Justice Lax found that acuity decisions, by their very nature, fall within the realm of professional/clinical judgment. Although this is common sense to those practising in the health care field, it takes on special meaning within the legal system. The law is quite clear that the honest and intelligent exercise of judgment satisfies the professional obligation, even if, in retrospect, it can be determined that the decision was not the “correct” one. Justice Lax’s ruling in this regard will establish a helpful precedent for future lawsuits involving triage classification.


As previously noted, although all parties agreed that Nurse B. performed a reassessment on R.L., the form and content of the re-assessment were contentious. Nurse B. was criticized by the plaintiffs for not having sought R.L. out for re-assessment after one hour, and for not having recorded her re-assessment.

With regard to the need for timely reassessment of patients in the waiting room, Justice Lax found that a balance had to be struck between the roles of the triage nurse and the patient’s parents in the waiting rooms of an emergency department. Justice Lax found that, despite the gradual shift in practice regarding re-assessments between 1998 and the present,

“I do not find think that the practice required then, or necessarily now, the kind of vigilance the plaintiffs suggest for every patient in the waiting room. There surely must be some scope for the exercise of judgment so that children who require monitoring are reassessed regularly and those that don’t are brought back if a parent is concerned or is the child’s condition changes.”

Justice Lax accepted Nurse B’s evidence regarding her usual practice and elements of the mother’s recollection to conclude that Nurse B not only conducted the reassessment, but did so in accordance with a reasonable standard of care, in spite of it not having been documented. Finally, Justice Lax performed a thorough analysis of complex medical evidence to conclude that the cause of R.L.’s brain damage was likely a viral encephalitis and therefore unavoidable, even with immediate medical attention.

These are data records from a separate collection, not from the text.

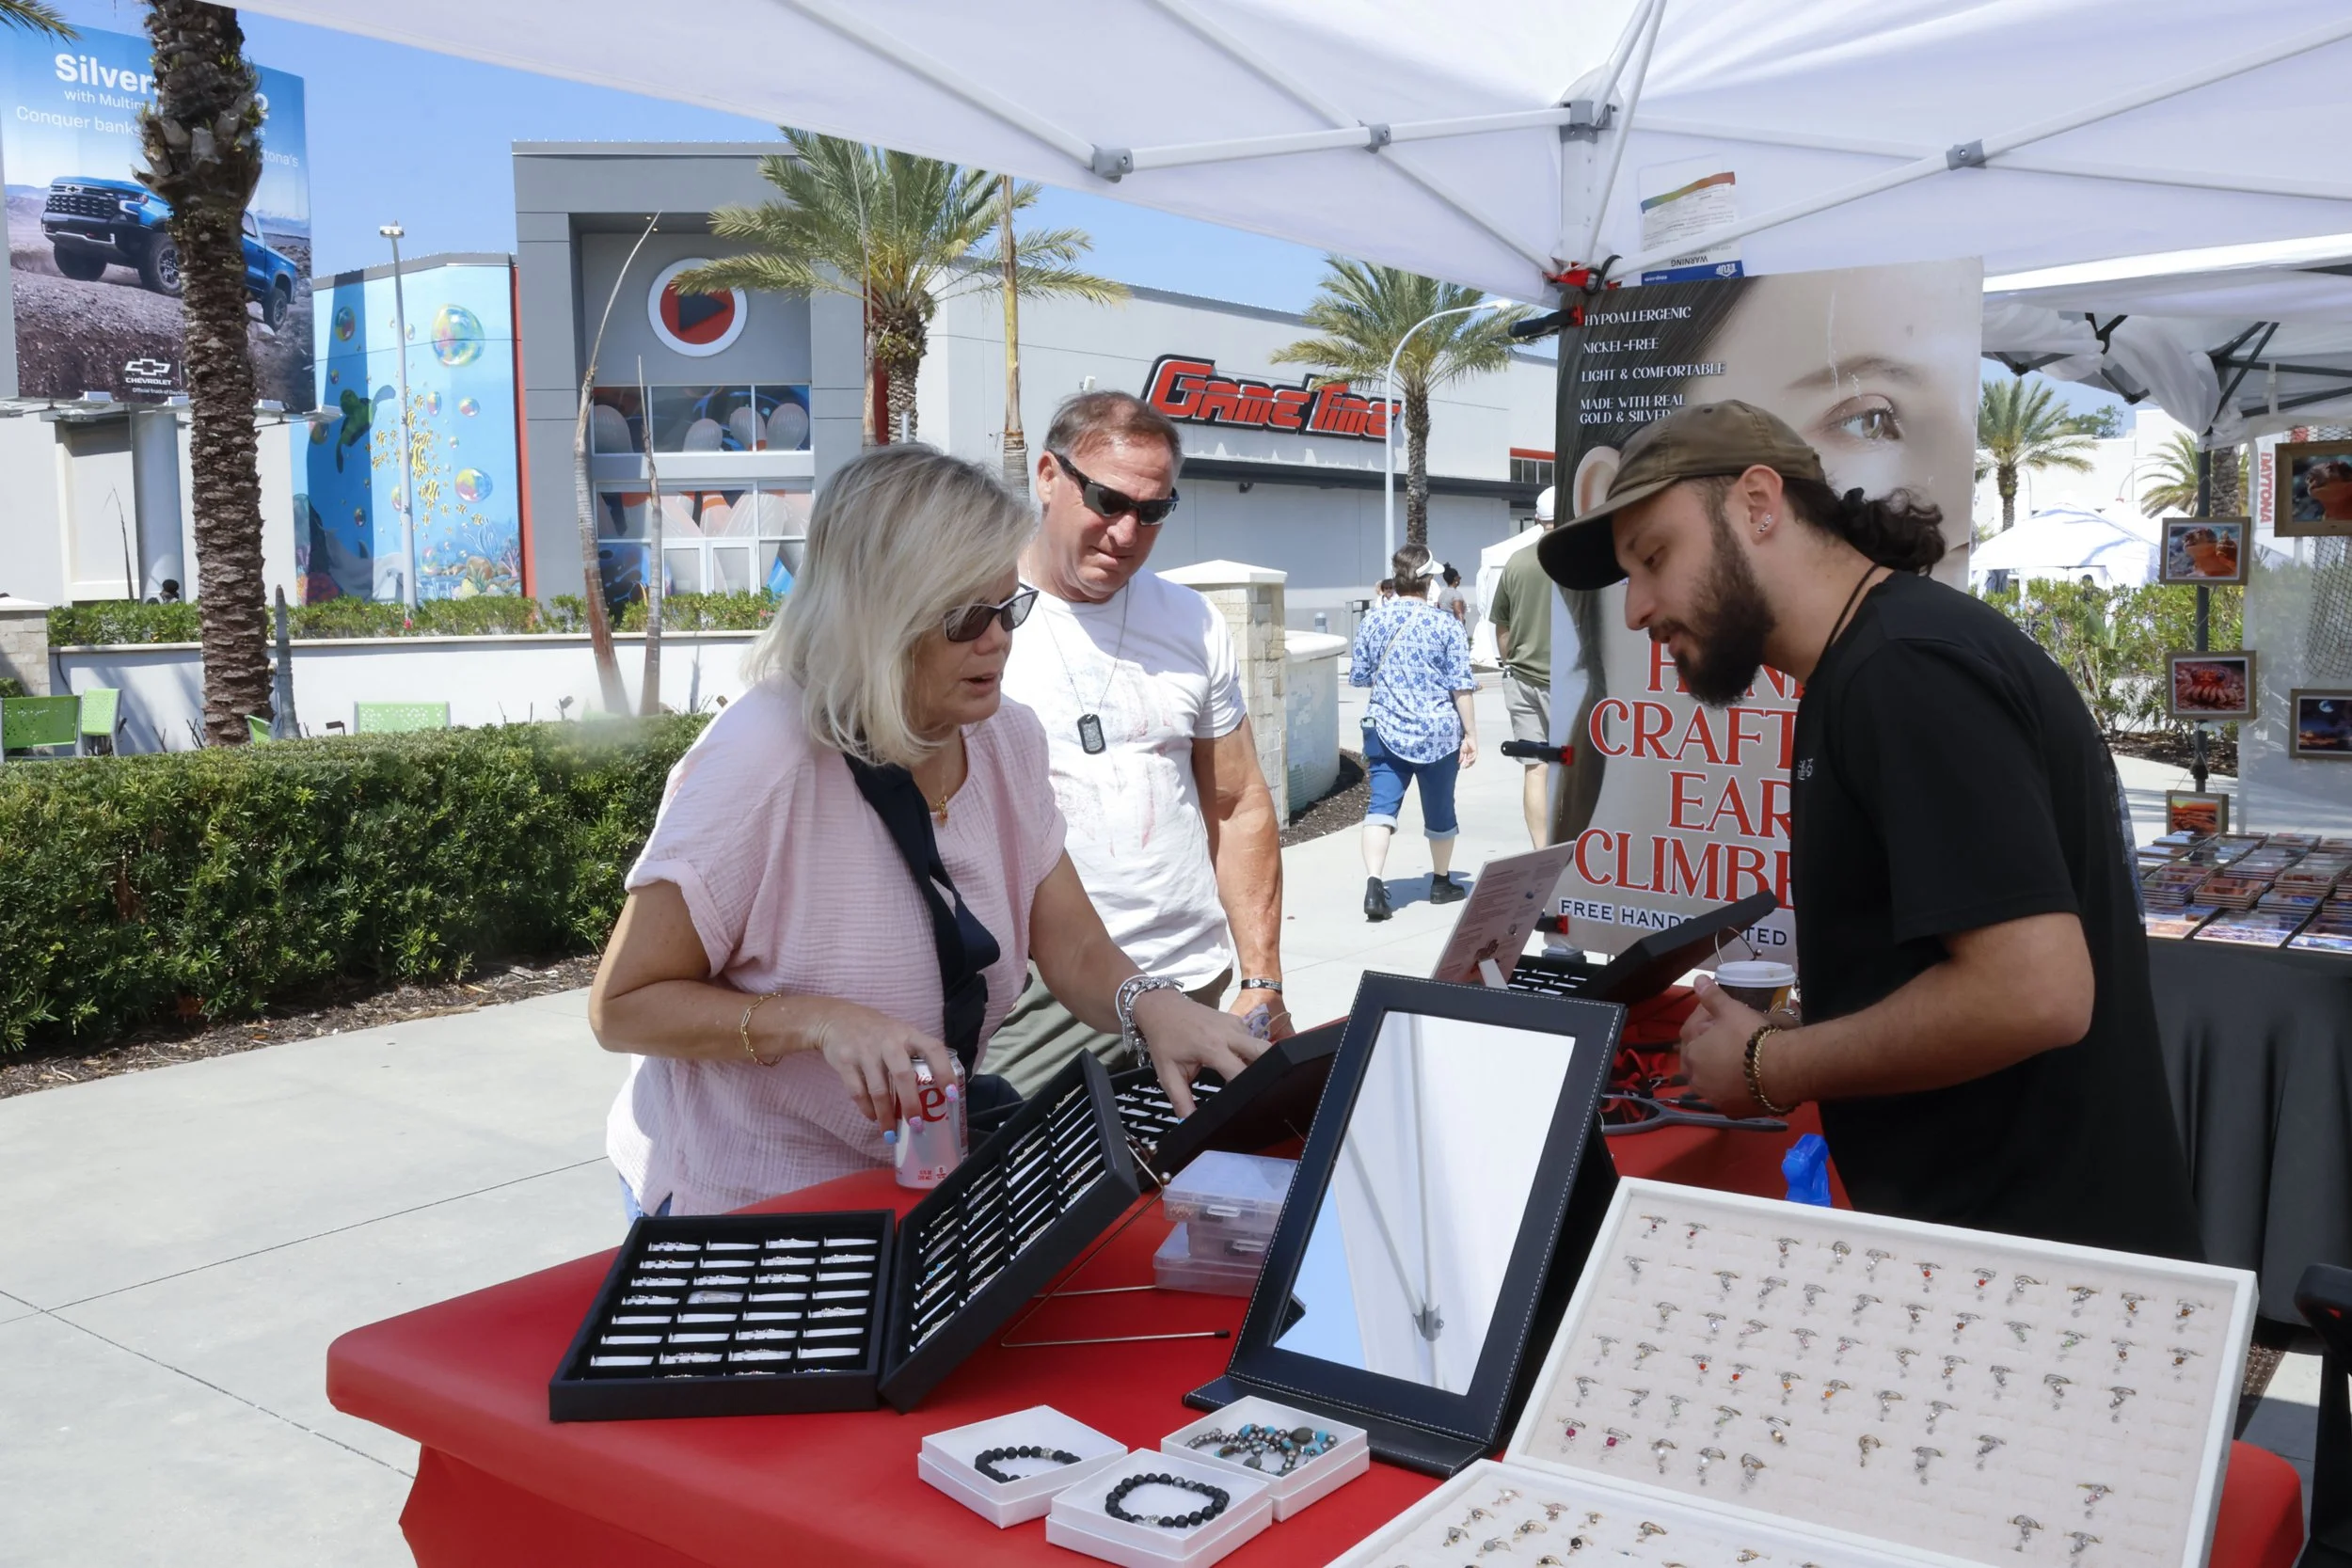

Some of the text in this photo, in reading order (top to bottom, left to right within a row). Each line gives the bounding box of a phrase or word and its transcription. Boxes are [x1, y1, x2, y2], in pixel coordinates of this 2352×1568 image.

[55, 53, 162, 95] Silver
[64, 89, 96, 104] with
[16, 105, 143, 137] Conquer banks
[262, 148, 299, 167] tona's
[1670, 255, 1708, 267] WARNING
[1584, 306, 1692, 326] HYPOALLERGENIC
[1582, 337, 1660, 355] NICKEL-FREE
[125, 376, 172, 386] CHEVROLET
[1581, 362, 1726, 383] LIGHT & COMFORTABLE
[1580, 393, 1687, 411] MADE WITH REAL
[1580, 412, 1613, 424] GOLD
[1615, 410, 1625, 423] &
[2260, 451, 2273, 524] DAYTONA
[1590, 697, 1798, 770] CRAFT
[1560, 898, 1613, 922] FREE
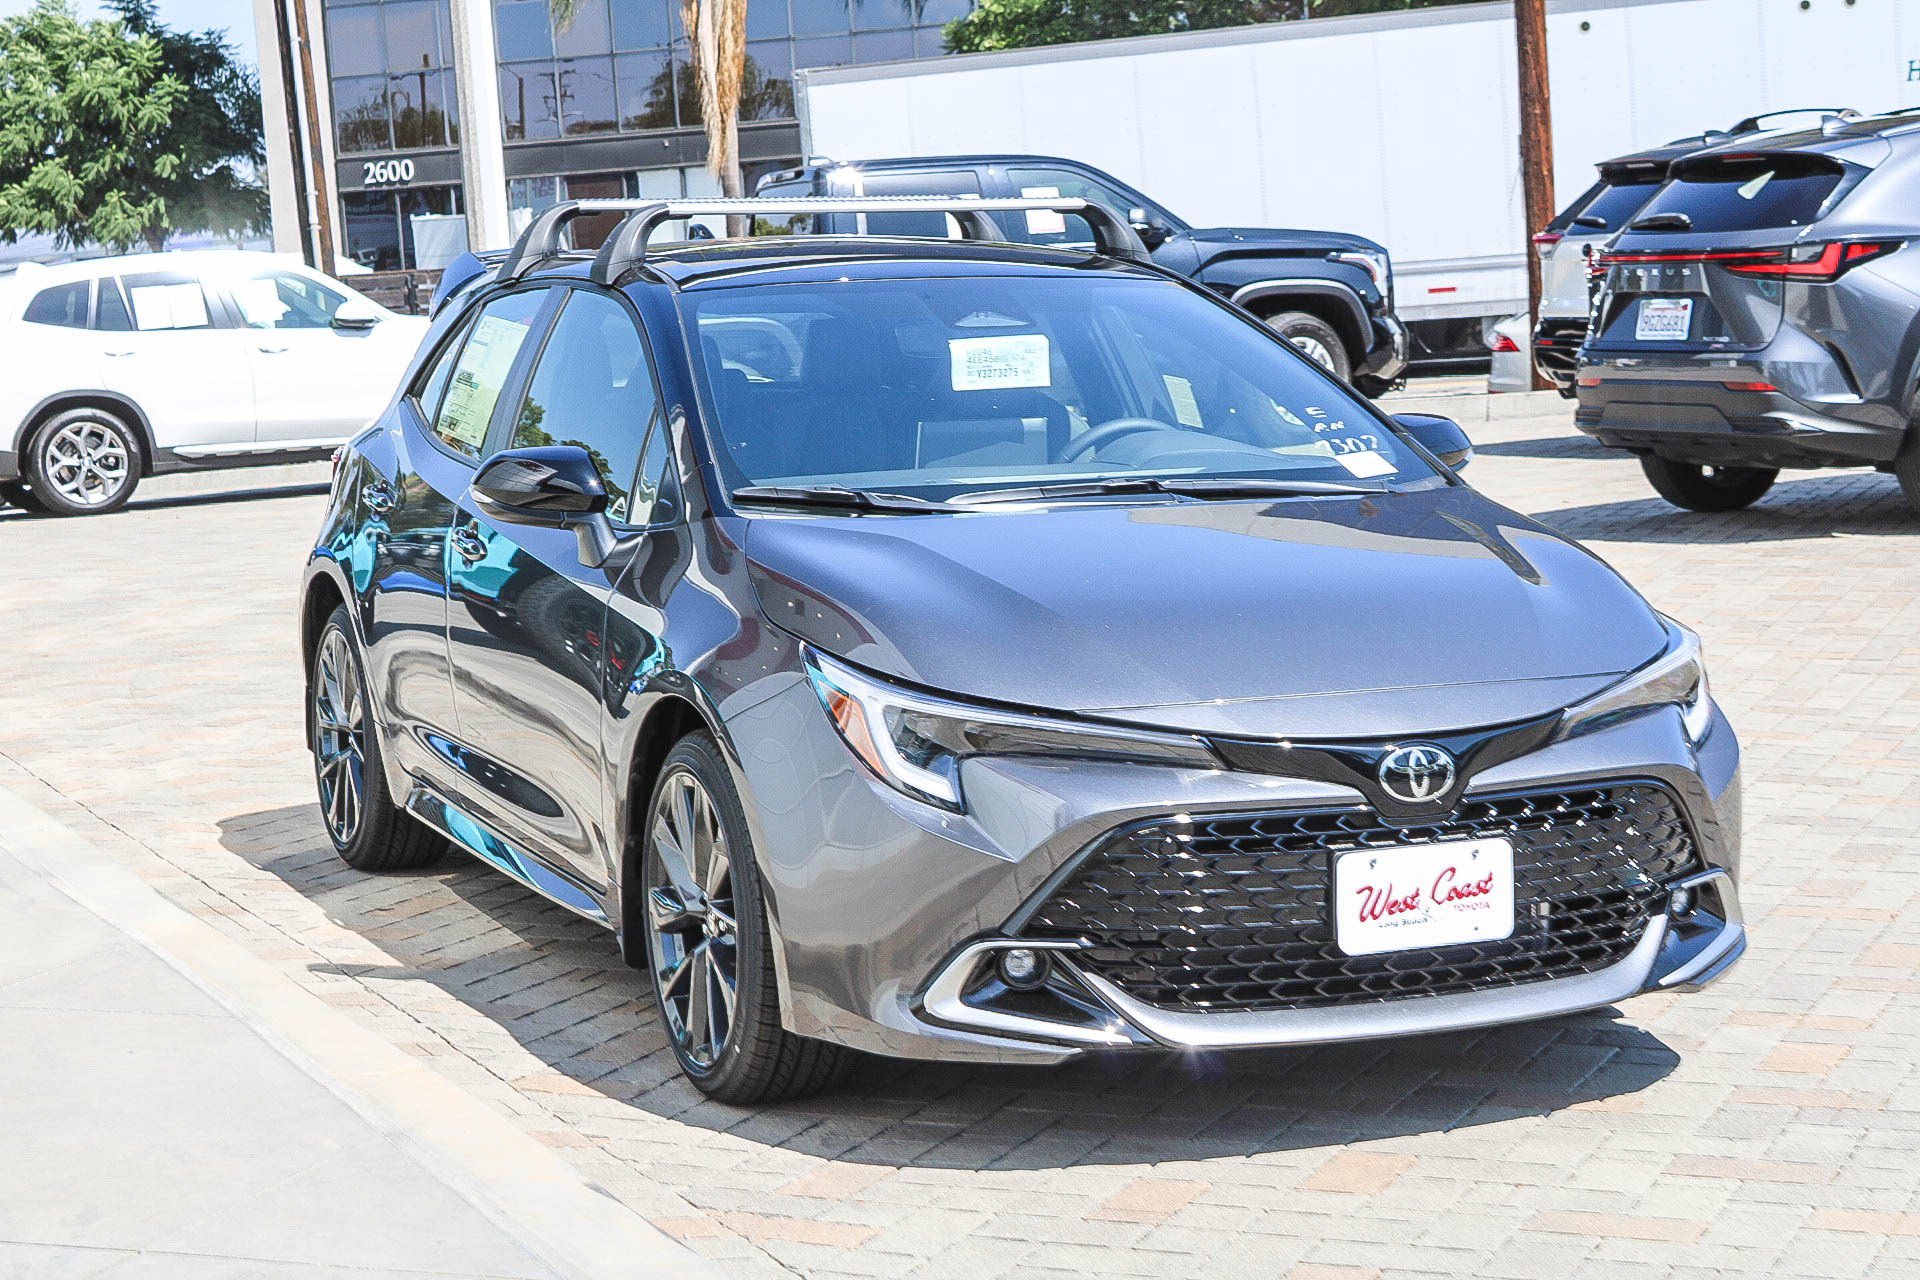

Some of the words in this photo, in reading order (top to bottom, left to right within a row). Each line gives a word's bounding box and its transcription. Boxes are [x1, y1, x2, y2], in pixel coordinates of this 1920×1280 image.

[363, 159, 415, 184] 2600
[1623, 268, 1692, 276] LEXUS
[1356, 882, 1421, 923] West
[1430, 866, 1494, 905] Coast
[1453, 901, 1491, 912] TOYOTA

On all issues, Justice Lax’s pragmatic approach to the expert medical evidence exhibited an understanding on her part of the realities of practice in a busy emergency department. The decision discourages an “ivory tower” analysis of the provision of care and the use of hindsight in criticizing difficult clinical decisions.

Bill Carter, Daphne Jarvis and Kate Crawford of Borden Ladner Gervais LLP represented the Hospital and Nurses before the Superior Court.